▸ **Referring expression grounding data**:
*** Begin section ***
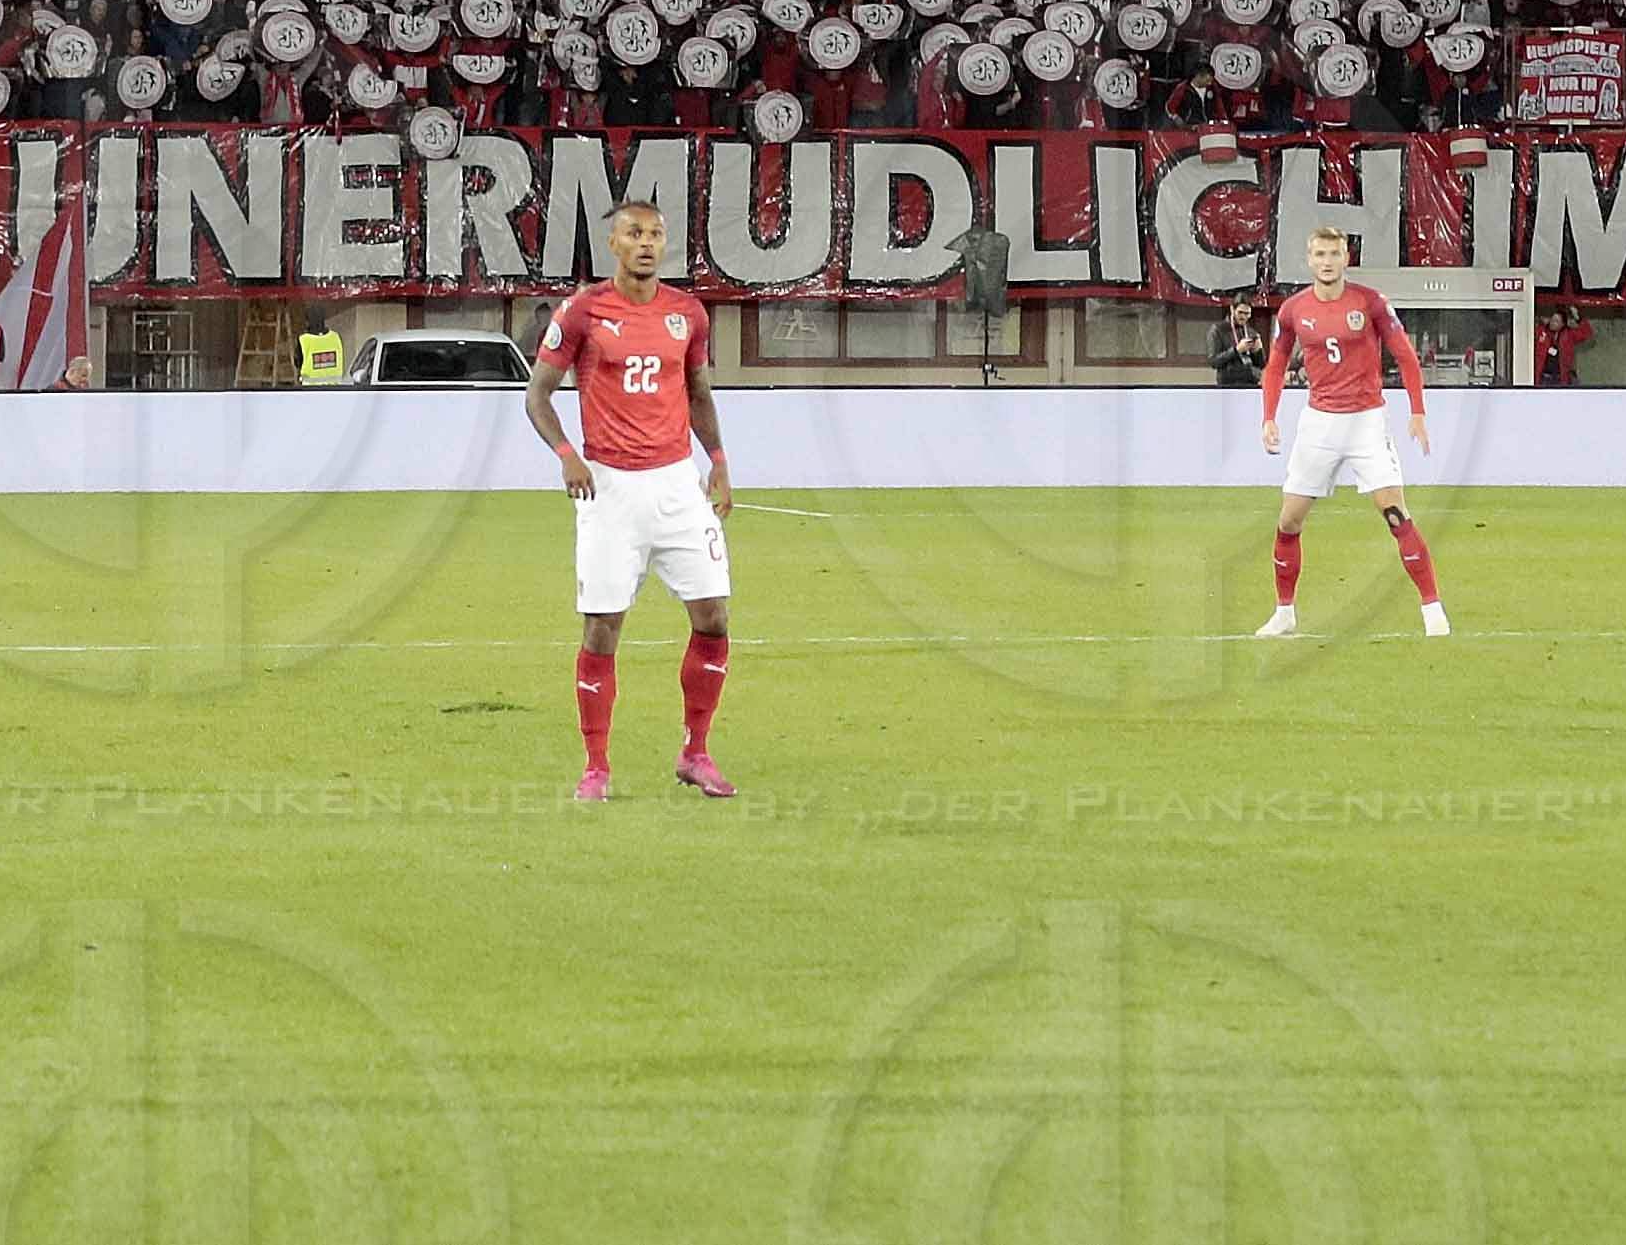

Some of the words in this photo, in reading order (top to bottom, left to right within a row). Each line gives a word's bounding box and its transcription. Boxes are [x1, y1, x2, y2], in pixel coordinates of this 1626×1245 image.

[1525, 38, 1620, 60] HEIMSPIELE
[1549, 76, 1579, 92] NUR
[1546, 95, 1596, 113] WIEN
[1493, 279, 1523, 292] ORF
[1325, 336, 1343, 365] 5
[623, 355, 663, 394] 22
*** End section ***
You are asked to output the records precisely as they appear, minus any pictures.

Some of the words in this photo, in reading order (top to bottom, left to right within a row). Each line gives a word's bounding box and its transcription. Boxes are [x1, y1, x2, y2], in pixel coordinates of this 1626×1245 image.

[1525, 38, 1620, 60] HEIMSPIELE
[1549, 76, 1579, 92] NUR
[1546, 95, 1596, 113] WIEN
[1493, 279, 1523, 292] ORF
[1325, 336, 1343, 365] 5
[623, 355, 663, 394] 22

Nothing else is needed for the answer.